■ Work request
Verbatim output of the lines below is required, with the images omitted.

■ Record extracts
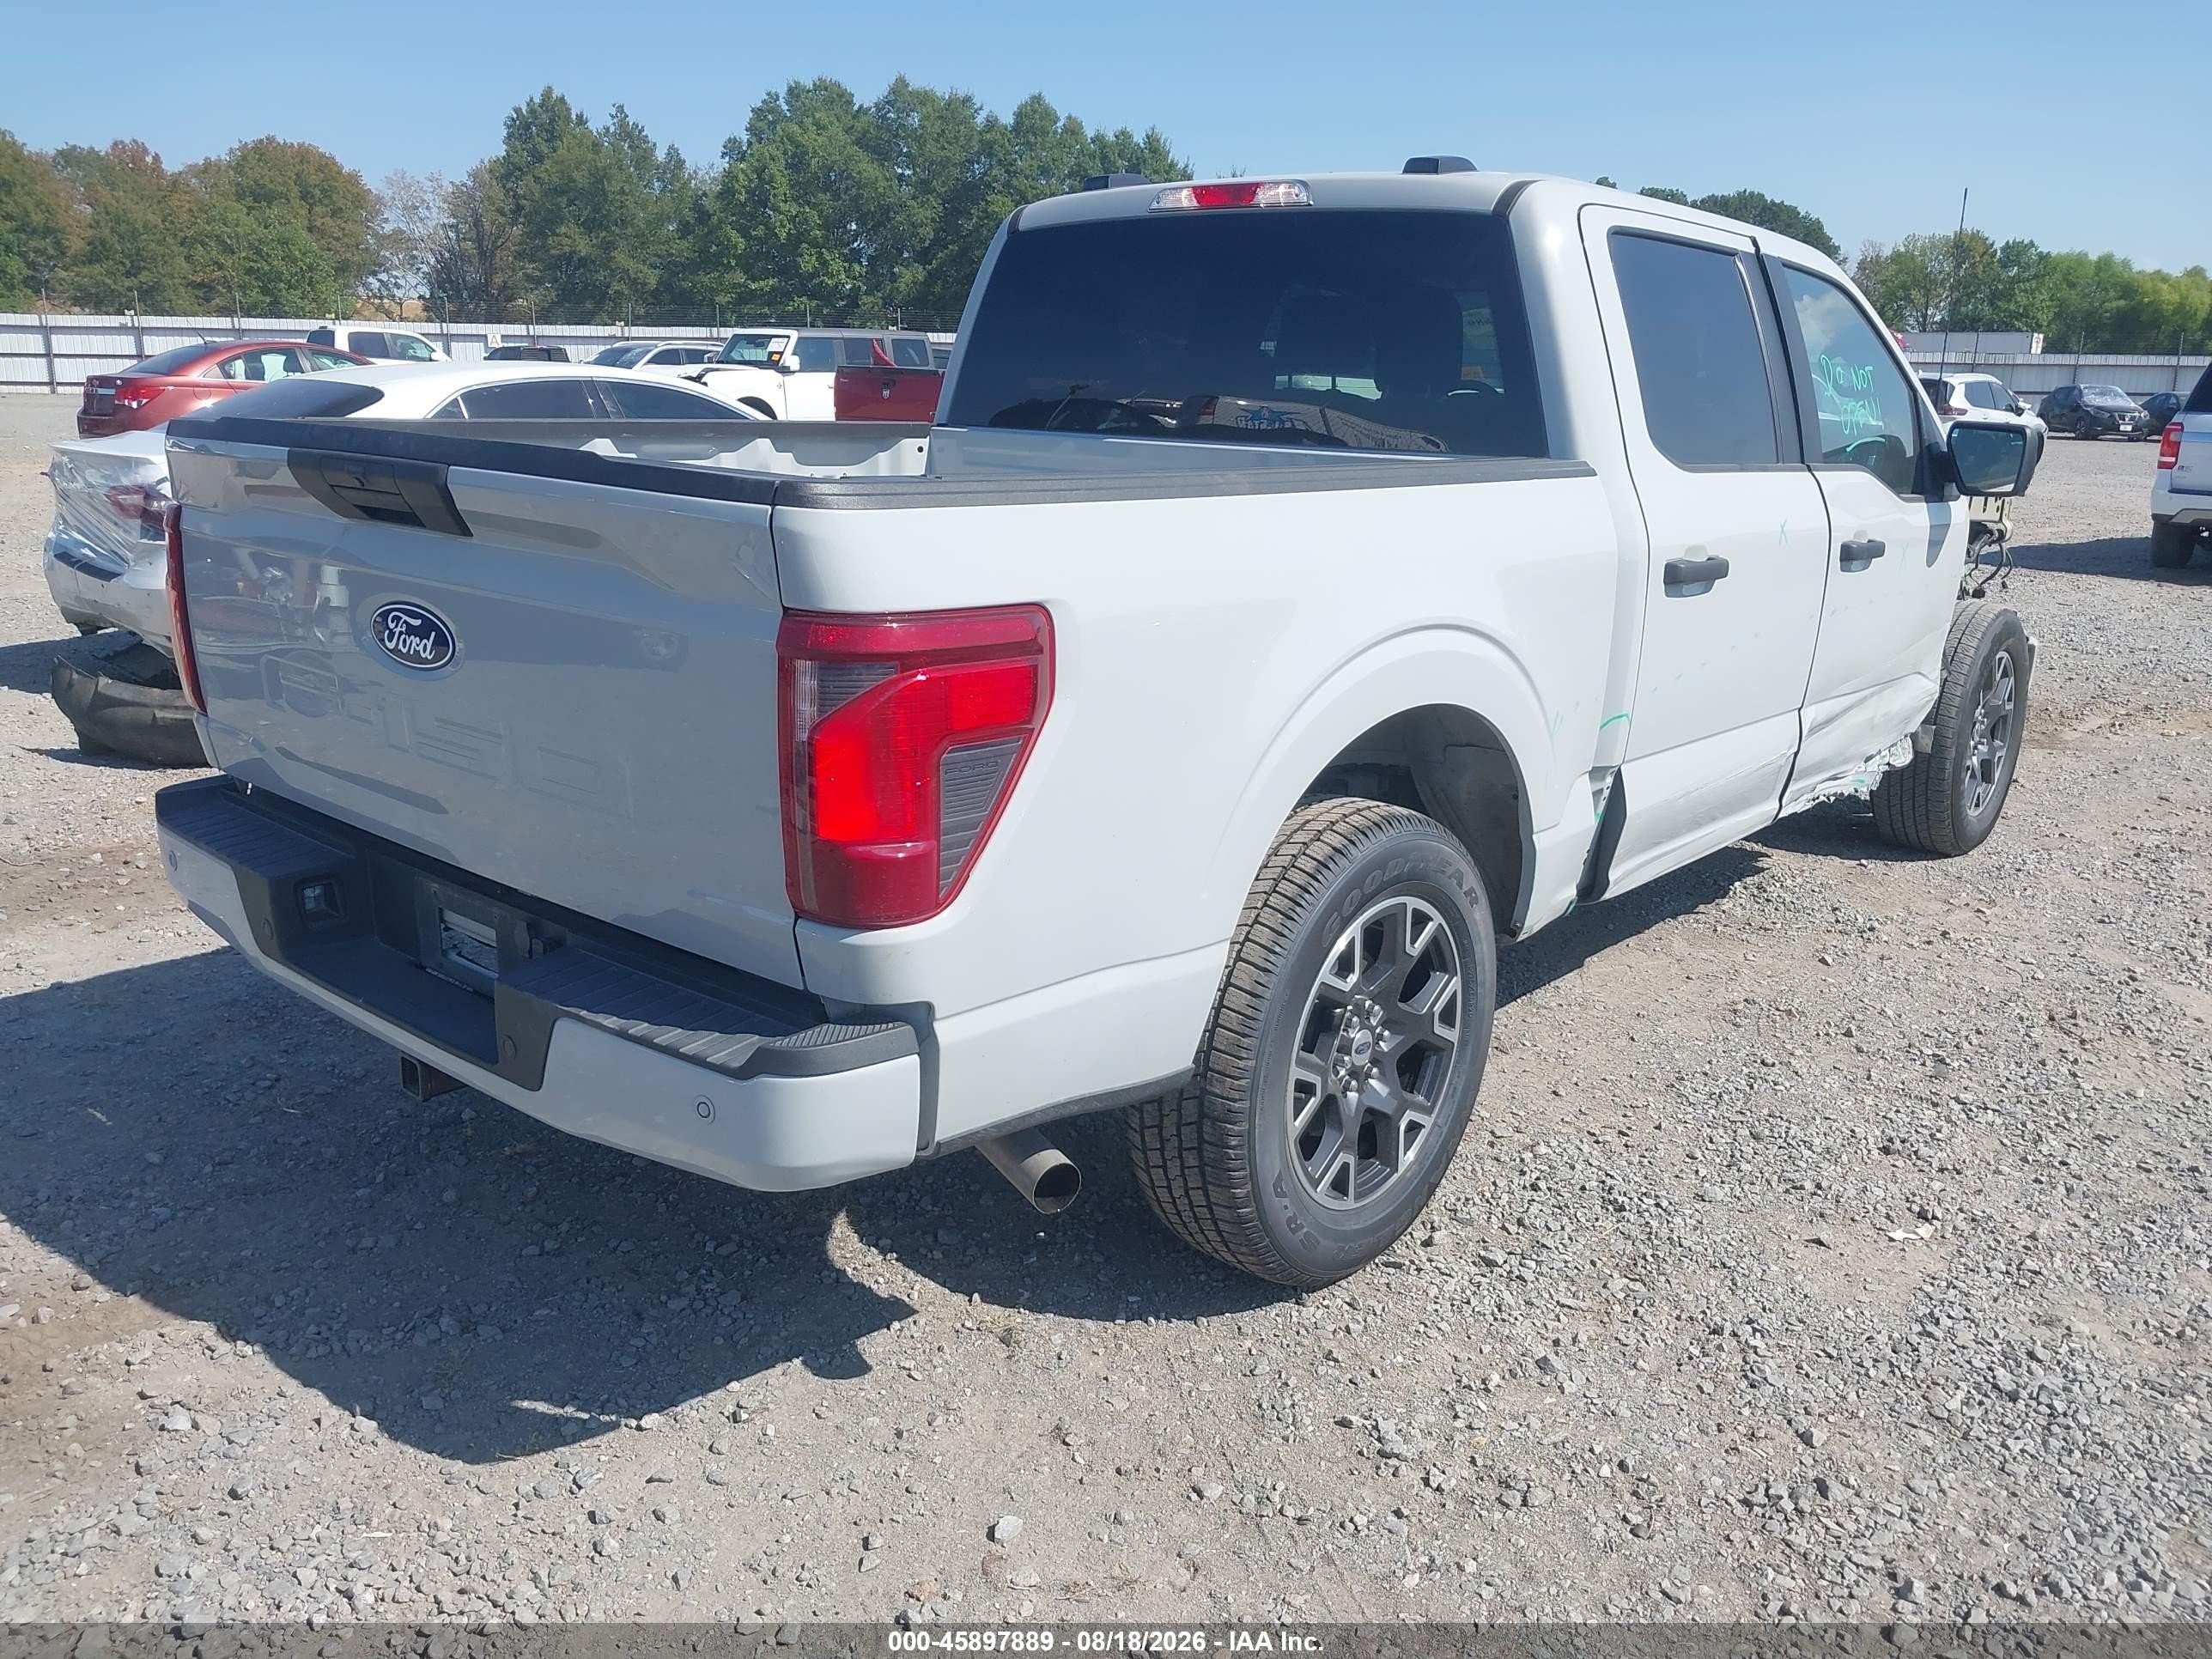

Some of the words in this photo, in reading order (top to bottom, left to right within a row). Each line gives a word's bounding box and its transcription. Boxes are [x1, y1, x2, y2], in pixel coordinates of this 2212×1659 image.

[490, 335, 500, 346] A
[1850, 364, 1875, 393] NOT
[384, 611, 436, 659] Ford
[945, 761, 999, 776] FORD

■ Reply
Some of the words in this photo, in reading order (top to bottom, left to right within a row). Each line gives a word's bounding box and its transcription. Boxes are [x1, y1, x2, y2], in pixel coordinates of this 2212×1659 image.

[490, 335, 500, 346] A
[1850, 364, 1875, 393] NOT
[384, 611, 436, 659] Ford
[945, 761, 999, 776] FORD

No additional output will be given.